Recensione di Per Il Mio Bene – Ema Stokholma


Per il mio bene

Per Il Mio Bene è la storia di Morwenn Moguerou, quella che tutti oggi conosciamo come Ema Stokholma.

Inizia col primo brutto ricordo della piccola Morwenn, quando aveva solo quattro anni e pensava che la macchina fosse un “luogo protetto” … e si sbagliava.

“Non c’è un motivo valido, non c’è una spiegazione, accade senza preavviso ed è sempre lo stesso scenario.” 

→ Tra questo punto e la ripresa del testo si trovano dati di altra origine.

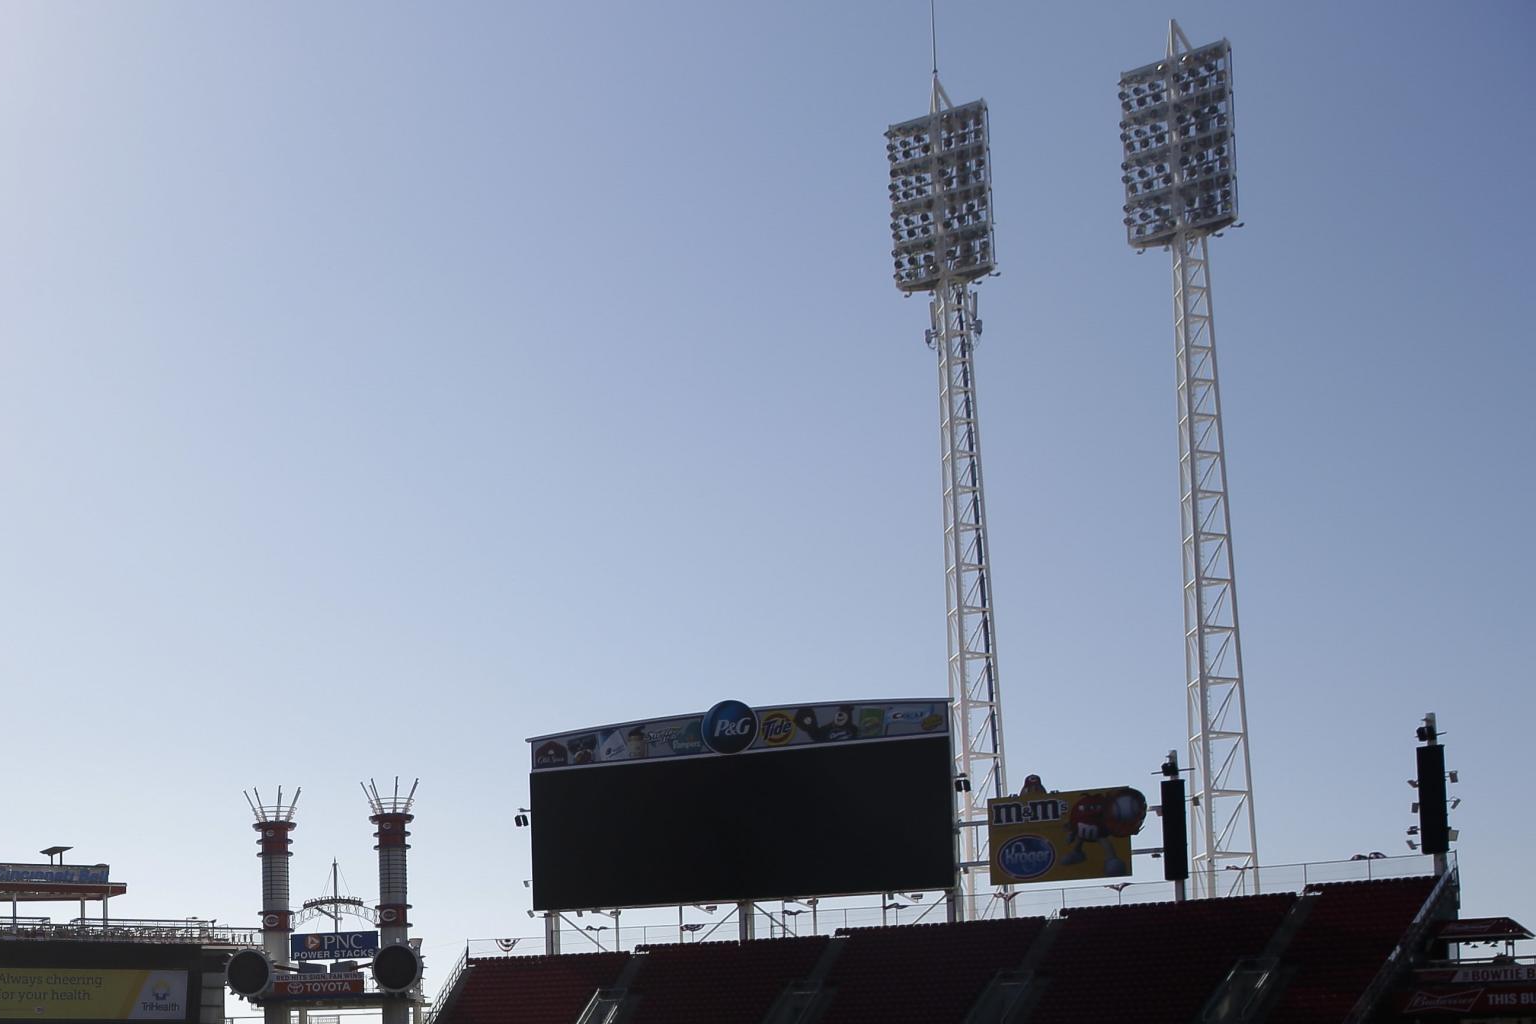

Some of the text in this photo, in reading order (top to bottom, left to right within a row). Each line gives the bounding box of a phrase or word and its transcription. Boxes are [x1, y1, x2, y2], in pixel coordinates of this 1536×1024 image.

Capitolo dopo capitolo in Per Il Mio Bene Ema ci racconta della sua vita, della sua famiglia, di dove viveva, come, del fratello Gwendal e della sua vita in casa col mostro.

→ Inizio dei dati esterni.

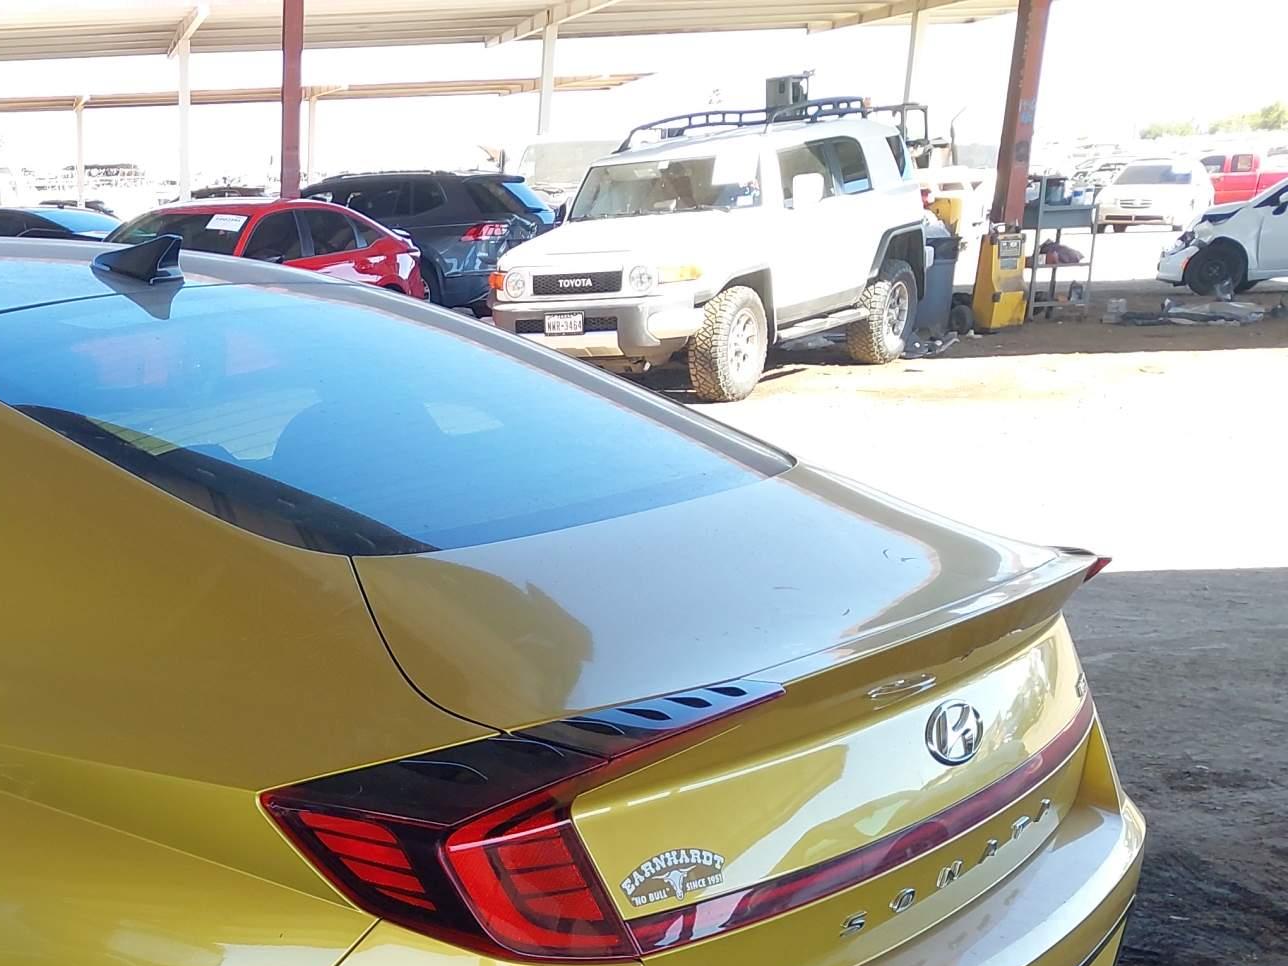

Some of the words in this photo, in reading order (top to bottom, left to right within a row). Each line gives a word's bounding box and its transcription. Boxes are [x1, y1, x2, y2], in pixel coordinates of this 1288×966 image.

[558, 278, 593, 288] TOYOTA
[621, 849, 724, 896] EARNHARDT
[839, 799, 1051, 938] SONATA
[686, 878, 706, 891] SINCE
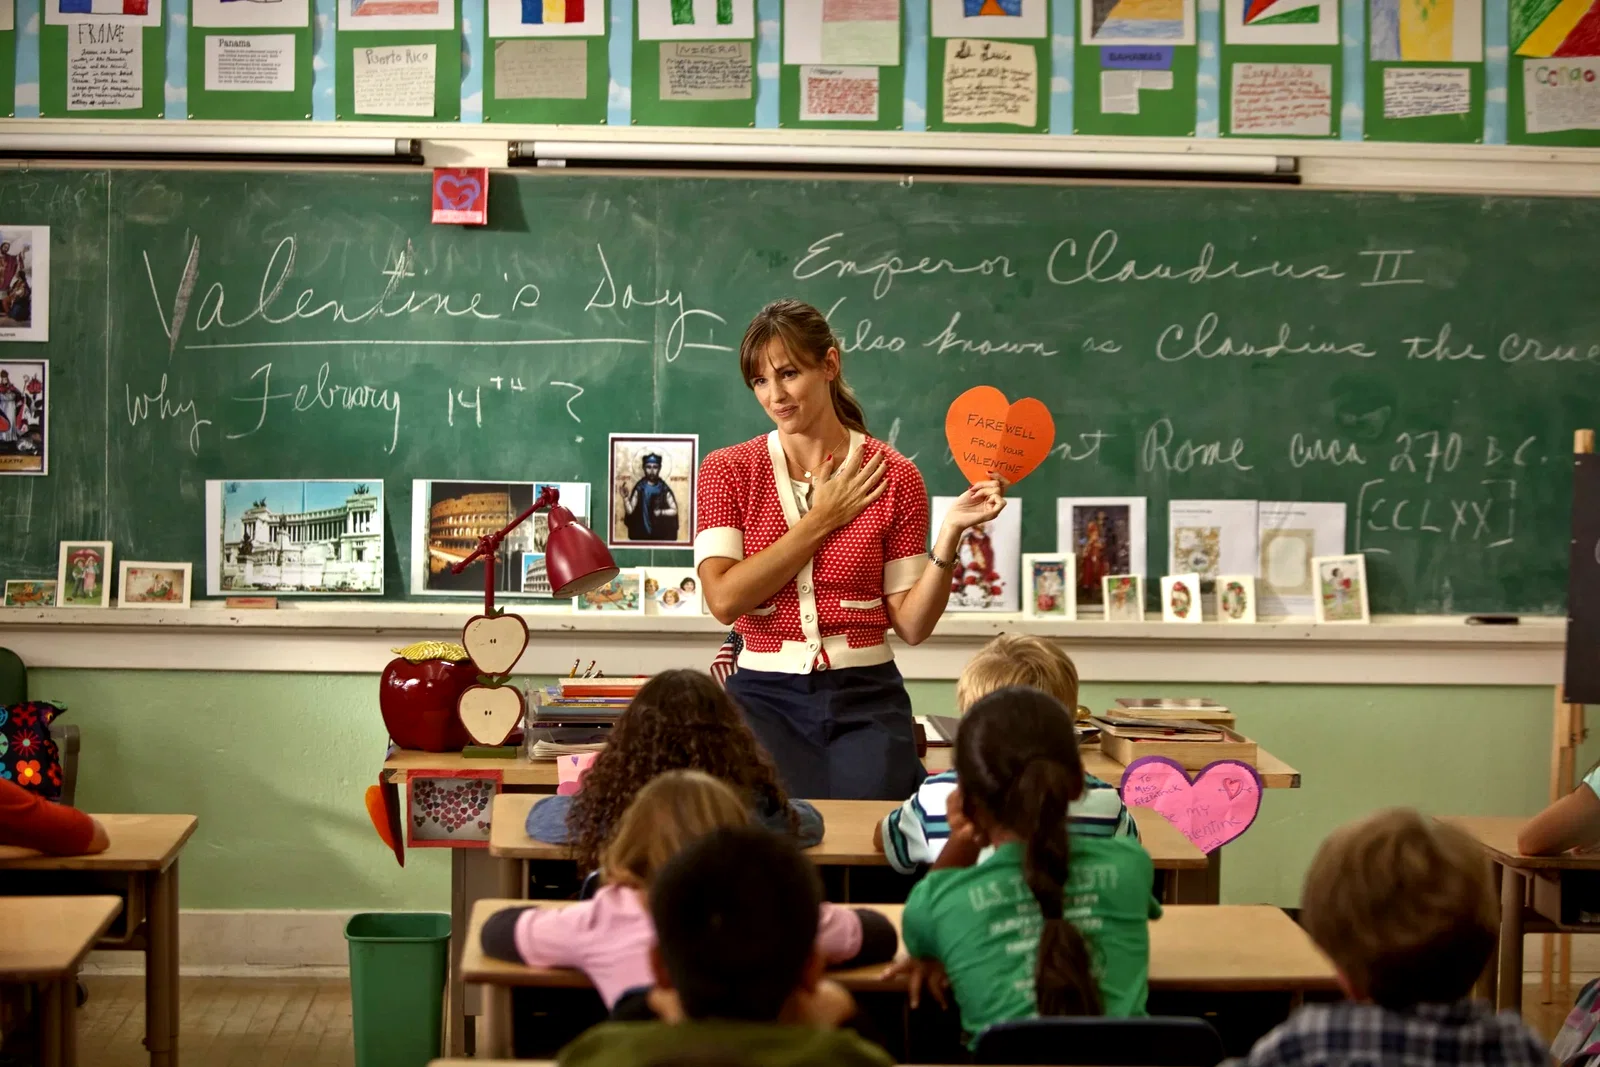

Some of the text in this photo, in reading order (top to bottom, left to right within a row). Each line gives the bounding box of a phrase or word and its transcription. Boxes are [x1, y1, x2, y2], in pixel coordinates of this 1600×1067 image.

[218, 38, 251, 48] Panama
[405, 47, 428, 64] Rico
[1534, 65, 1597, 88] Congo
[793, 229, 1425, 300] Emperor Claudius II
[584, 242, 727, 362] Day
[922, 311, 1060, 357] known
[1082, 335, 1123, 354] as
[1156, 312, 1377, 362] Claudius
[1401, 322, 1487, 361] the
[967, 413, 1036, 440] FAREWELL
[970, 437, 1025, 457] FROM YOUR
[1141, 418, 1254, 473] Rome
[1389, 431, 1462, 484] 270
[962, 451, 1025, 475] VALENTINE

Quello che lei chiama mostro è in realtà sua madre.

Ma non una madre come ci verrebbe da immaginare al solo suono della parola.

Il ritratto è quello di una donna problematica, paranoica, che ha subito violenza da piccola e che riversa sulla sua unica figlia femmina (e molto meno sul maschio) le sue frustrazioni, i suoi demoni.

All’ordine del giorno ci sono gli insulti, molto spesso accompagnati da improvvise botte, dei veri e propri pestaggi.

Morwenn negli anni, oltre a covare odio e rancore nei confronti di chi dovrebbe amarla e proteggerla e invece le crea insicurezza e voglia di morire, impara a schivare le situazioni.

Più cresce e meno passa del tempo in casa.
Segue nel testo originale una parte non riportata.